ACTIVITY:
Beginning with the line containing "this 2352×1568 image." and ending with the last line, repeat the records exactly.

===== SUPPLIED RECORDS

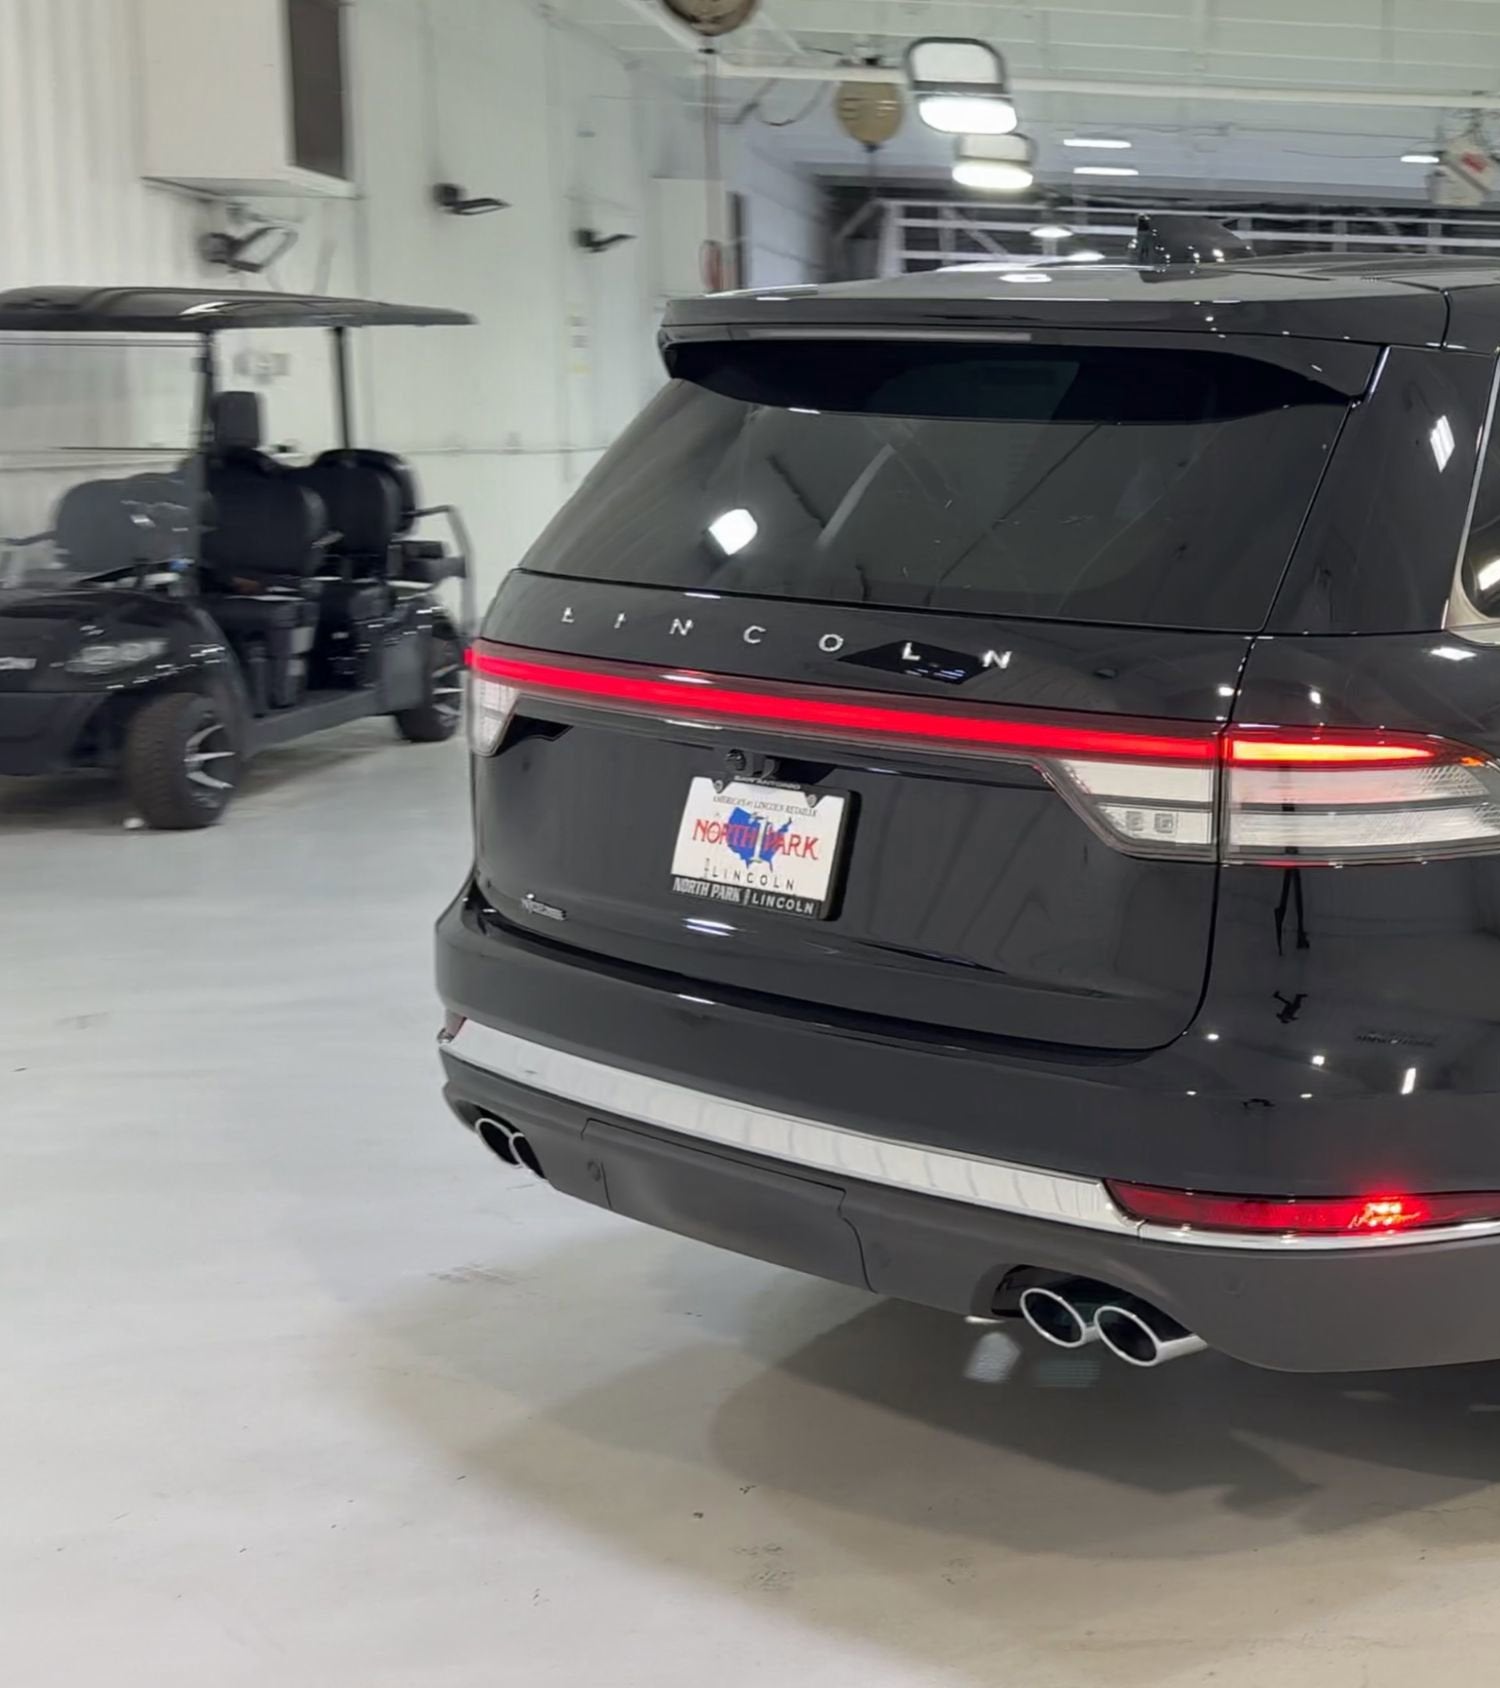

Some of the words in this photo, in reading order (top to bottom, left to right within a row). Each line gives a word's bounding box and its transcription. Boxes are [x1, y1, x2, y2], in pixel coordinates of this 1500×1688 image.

[561, 607, 1013, 668] LINCOLN
[692, 819, 757, 849] NORTH
[765, 827, 819, 860] PARK
[673, 877, 708, 897] NORTH
[711, 884, 741, 903] PARK
[752, 892, 814, 914] LINCOLN
[713, 866, 795, 891] LINCOLN
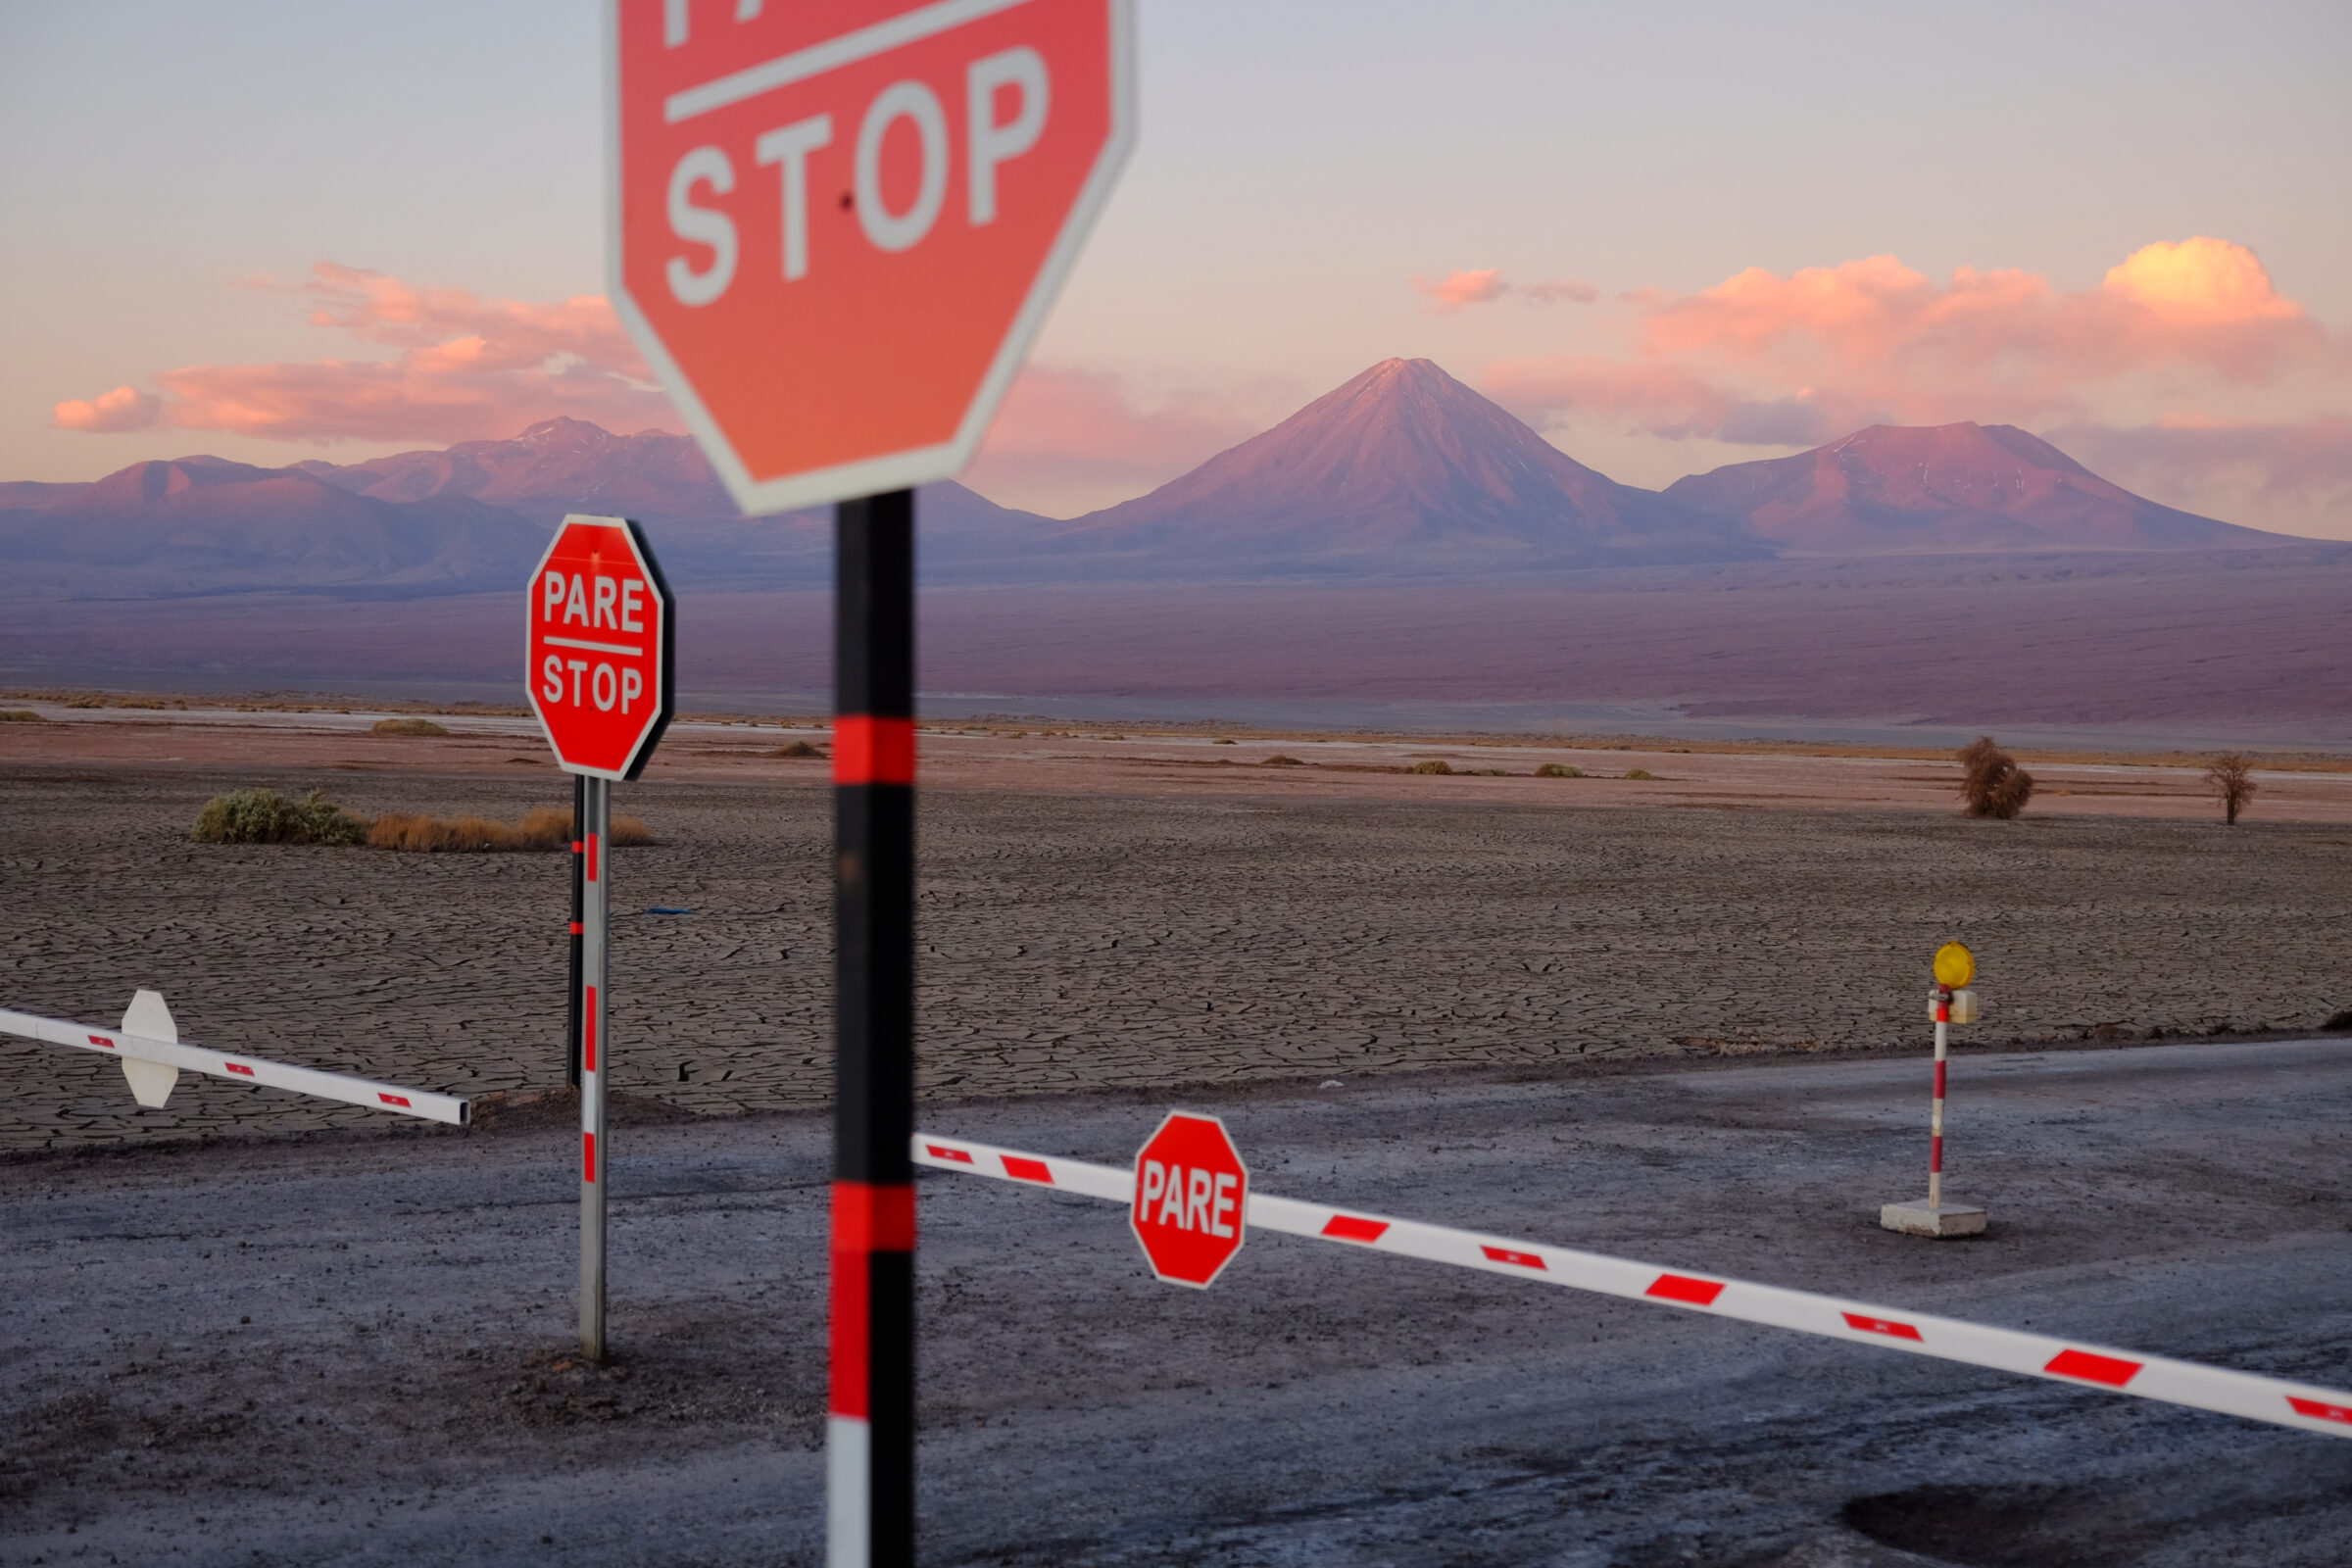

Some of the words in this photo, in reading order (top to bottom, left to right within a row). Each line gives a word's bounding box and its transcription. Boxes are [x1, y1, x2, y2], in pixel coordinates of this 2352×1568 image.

[664, 45, 1051, 308] STOP
[543, 570, 645, 634] PARE
[542, 654, 643, 715] STOP
[1140, 1158, 1238, 1240] PARE

==========

RESULT:
Some of the words in this photo, in reading order (top to bottom, left to right within a row). Each line gives a word's bounding box and its transcription. Boxes are [x1, y1, x2, y2], in pixel coordinates of this 2352×1568 image.

[664, 45, 1051, 308] STOP
[543, 570, 645, 634] PARE
[542, 654, 643, 715] STOP
[1140, 1158, 1238, 1240] PARE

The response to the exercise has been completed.